Right behind overcoming the challenges of talent acquisition as a key priority for Finance executives in the Deloitte CFO Signals survey was Financial Performance (42.7%) and Growth (31.6%). Outsourcing gives you another talented labor pool to draw from, enabling you to fill administrative jobs faster (and at a lower cost) and allows you to focus your hiring on the key roles that will support the Finance and Growth agenda.
The Deloitte Global Shared Services and Outsourcing Survey highlighted the need to drive efficiency and accelerate the digital transformation of the business. So, how do you accelerate these risk-heavy initiatives and get the benefits you are looking for?
A top-notch outsourcing firm does transactional work “for a living.” They are experts at not just performing these tasks, but also optimizing processes to achieve the highest levels of productivity and efficiency.
The outsourcing firm should also be an expert at implementing these solutions, taking the risk out of the initiatives. And they should guarantee the outcomes, ensuring the delivery of the expected cost savings and ROI.

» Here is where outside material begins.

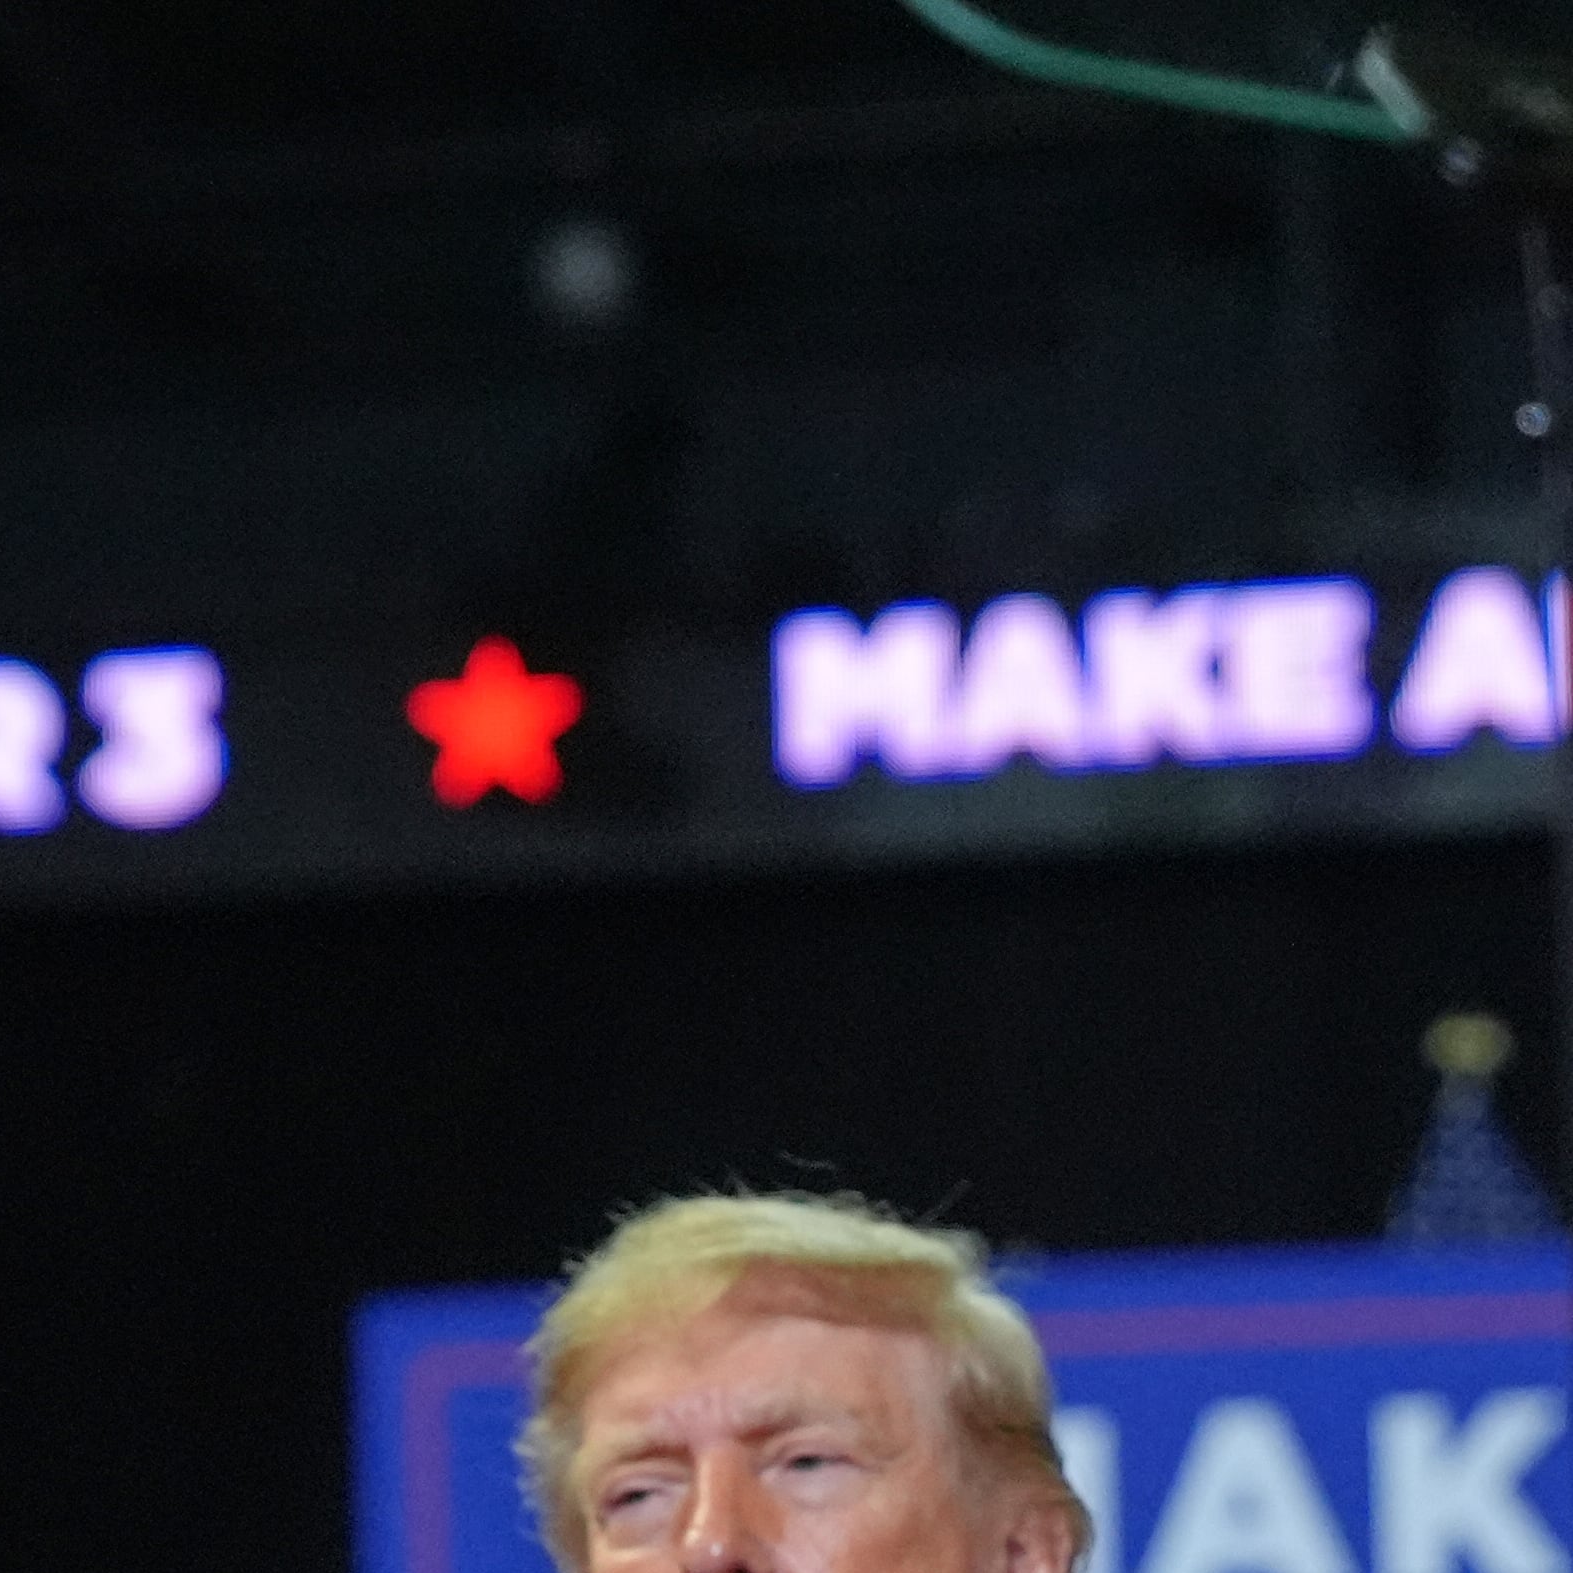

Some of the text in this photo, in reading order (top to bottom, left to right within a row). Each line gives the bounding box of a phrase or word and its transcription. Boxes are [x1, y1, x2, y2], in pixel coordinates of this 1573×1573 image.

By using the capabilities of an outsourcing provider for transactional activities, besides lowering your costs, you can improve your operational efficiency and focus on those DT projects that are more core to your enterprise - allocating those same resources that were previously swallowed up by administrative tasks.
What does this do for your Talent Challenge? Well, if Finance executives truly want to emphasize leadership and culture and values within their organization, imagine changing the purpose of your best people, giving them more meaningful and rewarding roles, enhancing their skills and abilities - rather than having them pay bills, apply cash, and perform reconciliations.
Also, by lowering your cost to perform the transactional work, you can free up funds to address the wage concerns that may force you to lose key staff members, without impacting your overall operational costs.
All of this will go a long way towards building the culture and the values that you are trying to establish. And that should truly differentiate your organization from your competitors.